_ASSIGNED TASK_. Retype every entry exactly, character for character.

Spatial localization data

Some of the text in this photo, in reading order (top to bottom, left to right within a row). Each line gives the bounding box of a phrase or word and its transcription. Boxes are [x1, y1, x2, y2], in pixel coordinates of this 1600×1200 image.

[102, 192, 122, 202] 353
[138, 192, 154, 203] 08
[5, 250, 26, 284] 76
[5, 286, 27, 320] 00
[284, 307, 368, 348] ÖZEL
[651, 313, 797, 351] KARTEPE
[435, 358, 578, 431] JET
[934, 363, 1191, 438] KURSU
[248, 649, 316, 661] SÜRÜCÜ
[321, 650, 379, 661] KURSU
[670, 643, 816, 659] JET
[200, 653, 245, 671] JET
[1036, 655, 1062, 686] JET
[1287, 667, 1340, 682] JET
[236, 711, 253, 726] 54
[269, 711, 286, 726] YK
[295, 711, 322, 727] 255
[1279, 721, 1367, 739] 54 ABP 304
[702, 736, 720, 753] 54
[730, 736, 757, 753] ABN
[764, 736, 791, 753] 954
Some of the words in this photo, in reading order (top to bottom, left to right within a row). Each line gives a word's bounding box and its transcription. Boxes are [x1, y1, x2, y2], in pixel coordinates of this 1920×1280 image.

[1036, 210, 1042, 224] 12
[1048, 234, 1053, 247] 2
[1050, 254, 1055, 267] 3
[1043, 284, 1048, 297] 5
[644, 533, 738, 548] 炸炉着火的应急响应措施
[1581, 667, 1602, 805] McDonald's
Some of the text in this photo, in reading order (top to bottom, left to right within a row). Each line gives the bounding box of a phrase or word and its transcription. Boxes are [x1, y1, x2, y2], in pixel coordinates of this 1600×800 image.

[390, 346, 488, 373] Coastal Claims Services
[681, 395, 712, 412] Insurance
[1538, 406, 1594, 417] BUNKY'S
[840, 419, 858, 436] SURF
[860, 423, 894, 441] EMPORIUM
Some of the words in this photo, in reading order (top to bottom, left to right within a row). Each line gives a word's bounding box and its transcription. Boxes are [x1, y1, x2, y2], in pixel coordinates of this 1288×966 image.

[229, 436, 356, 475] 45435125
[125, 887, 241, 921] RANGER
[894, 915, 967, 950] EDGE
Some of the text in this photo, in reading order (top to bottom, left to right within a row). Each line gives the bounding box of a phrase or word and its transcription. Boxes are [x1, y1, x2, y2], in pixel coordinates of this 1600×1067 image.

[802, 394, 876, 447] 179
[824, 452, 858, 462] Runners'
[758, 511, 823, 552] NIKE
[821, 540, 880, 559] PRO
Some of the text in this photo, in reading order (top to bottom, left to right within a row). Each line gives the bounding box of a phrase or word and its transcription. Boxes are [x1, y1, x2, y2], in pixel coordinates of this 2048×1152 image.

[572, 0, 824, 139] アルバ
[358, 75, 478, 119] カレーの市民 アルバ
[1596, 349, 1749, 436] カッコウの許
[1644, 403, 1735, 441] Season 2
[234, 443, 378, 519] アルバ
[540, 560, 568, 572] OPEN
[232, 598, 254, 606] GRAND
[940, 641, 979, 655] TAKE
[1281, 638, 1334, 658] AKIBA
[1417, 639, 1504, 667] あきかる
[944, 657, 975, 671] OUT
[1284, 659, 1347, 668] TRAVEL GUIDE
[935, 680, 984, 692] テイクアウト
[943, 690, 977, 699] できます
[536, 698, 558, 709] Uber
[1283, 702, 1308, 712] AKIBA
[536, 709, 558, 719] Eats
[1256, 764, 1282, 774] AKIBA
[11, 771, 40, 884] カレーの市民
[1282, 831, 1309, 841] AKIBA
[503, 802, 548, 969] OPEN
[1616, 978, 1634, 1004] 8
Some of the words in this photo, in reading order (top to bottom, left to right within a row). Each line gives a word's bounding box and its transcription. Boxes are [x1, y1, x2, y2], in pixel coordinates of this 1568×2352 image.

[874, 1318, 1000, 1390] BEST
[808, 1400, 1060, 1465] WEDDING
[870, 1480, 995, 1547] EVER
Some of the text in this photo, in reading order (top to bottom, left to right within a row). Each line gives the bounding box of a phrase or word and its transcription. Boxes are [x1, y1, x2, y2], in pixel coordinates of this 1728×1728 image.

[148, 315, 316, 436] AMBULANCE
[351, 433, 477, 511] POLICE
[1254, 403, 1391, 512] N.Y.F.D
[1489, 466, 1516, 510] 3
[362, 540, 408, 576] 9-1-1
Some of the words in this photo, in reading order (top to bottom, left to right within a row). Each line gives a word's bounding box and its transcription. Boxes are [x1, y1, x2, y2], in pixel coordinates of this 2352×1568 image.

_ANSWER BOX_.
Some of the text in this photo, in reading order (top to bottom, left to right within a row). Each line gives the bounding box of a phrase or word and its transcription. Boxes are [x1, y1, x2, y2], in pixel coordinates of this 1600×1200 image.

[102, 192, 122, 202] 353
[138, 192, 154, 203] 08
[5, 250, 26, 284] 76
[5, 286, 27, 320] 00
[284, 307, 368, 348] ÖZEL
[651, 313, 797, 351] KARTEPE
[435, 358, 578, 431] JET
[934, 363, 1191, 438] KURSU
[248, 649, 316, 661] SÜRÜCÜ
[321, 650, 379, 661] KURSU
[670, 643, 816, 659] JET
[200, 653, 245, 671] JET
[1036, 655, 1062, 686] JET
[1287, 667, 1340, 682] JET
[236, 711, 253, 726] 54
[269, 711, 286, 726] YK
[295, 711, 322, 727] 255
[1279, 721, 1367, 739] 54 ABP 304
[702, 736, 720, 753] 54
[730, 736, 757, 753] ABN
[764, 736, 791, 753] 954
Some of the words in this photo, in reading order (top to bottom, left to right within a row). Each line gives a word's bounding box and its transcription. Boxes are [x1, y1, x2, y2], in pixel coordinates of this 1920×1280 image.

[1036, 210, 1042, 224] 12
[1048, 234, 1053, 247] 2
[1050, 254, 1055, 267] 3
[1043, 284, 1048, 297] 5
[644, 533, 738, 548] 炸炉着火的应急响应措施
[1581, 667, 1602, 805] McDonald's
Some of the text in this photo, in reading order (top to bottom, left to right within a row). Each line gives the bounding box of a phrase or word and its transcription. Boxes are [x1, y1, x2, y2], in pixel coordinates of this 1600×800 image.

[390, 346, 488, 373] Coastal Claims Services
[681, 395, 712, 412] Insurance
[1538, 406, 1594, 417] BUNKY'S
[840, 419, 858, 436] SURF
[860, 423, 894, 441] EMPORIUM
Some of the words in this photo, in reading order (top to bottom, left to right within a row). Each line gives a word's bounding box and its transcription. Boxes are [x1, y1, x2, y2], in pixel coordinates of this 1288×966 image.

[229, 436, 356, 475] 45435125
[125, 887, 241, 921] RANGER
[894, 915, 967, 950] EDGE
Some of the text in this photo, in reading order (top to bottom, left to right within a row). Each line gives the bounding box of a phrase or word and its transcription. Boxes are [x1, y1, x2, y2], in pixel coordinates of this 1600×1067 image.

[802, 394, 876, 447] 179
[824, 452, 858, 462] Runners'
[758, 511, 823, 552] NIKE
[821, 540, 880, 559] PRO
Some of the text in this photo, in reading order (top to bottom, left to right within a row). Each line gives the bounding box of a phrase or word and its transcription. Boxes are [x1, y1, x2, y2], in pixel coordinates of this 2048×1152 image.

[572, 0, 824, 139] アルバ
[358, 75, 478, 119] カレーの市民 アルバ
[1596, 349, 1749, 436] カッコウの許
[1644, 403, 1735, 441] Season 2
[234, 443, 378, 519] アルバ
[540, 560, 568, 572] OPEN
[232, 598, 254, 606] GRAND
[940, 641, 979, 655] TAKE
[1281, 638, 1334, 658] AKIBA
[1417, 639, 1504, 667] あきかる
[944, 657, 975, 671] OUT
[1284, 659, 1347, 668] TRAVEL GUIDE
[935, 680, 984, 692] テイクアウト
[943, 690, 977, 699] できます
[536, 698, 558, 709] Uber
[1283, 702, 1308, 712] AKIBA
[536, 709, 558, 719] Eats
[1256, 764, 1282, 774] AKIBA
[11, 771, 40, 884] カレーの市民
[1282, 831, 1309, 841] AKIBA
[503, 802, 548, 969] OPEN
[1616, 978, 1634, 1004] 8
Some of the words in this photo, in reading order (top to bottom, left to right within a row). Each line gives a word's bounding box and its transcription. Boxes are [x1, y1, x2, y2], in pixel coordinates of this 1568×2352 image.

[874, 1318, 1000, 1390] BEST
[808, 1400, 1060, 1465] WEDDING
[870, 1480, 995, 1547] EVER
Some of the text in this photo, in reading order (top to bottom, left to right within a row). Each line gives the bounding box of a phrase or word and its transcription. Boxes are [x1, y1, x2, y2], in pixel coordinates of this 1728×1728 image.

[148, 315, 316, 436] AMBULANCE
[351, 433, 477, 511] POLICE
[1254, 403, 1391, 512] N.Y.F.D
[1489, 466, 1516, 510] 3
[362, 540, 408, 576] 9-1-1
Some of the words in this photo, in reading order (top to bottom, left to right within a row). Each line gives a word's bounding box and its transcription. Boxes are [x1, y1, x2, y2], in pixel coordinates of this 2352×1568 image.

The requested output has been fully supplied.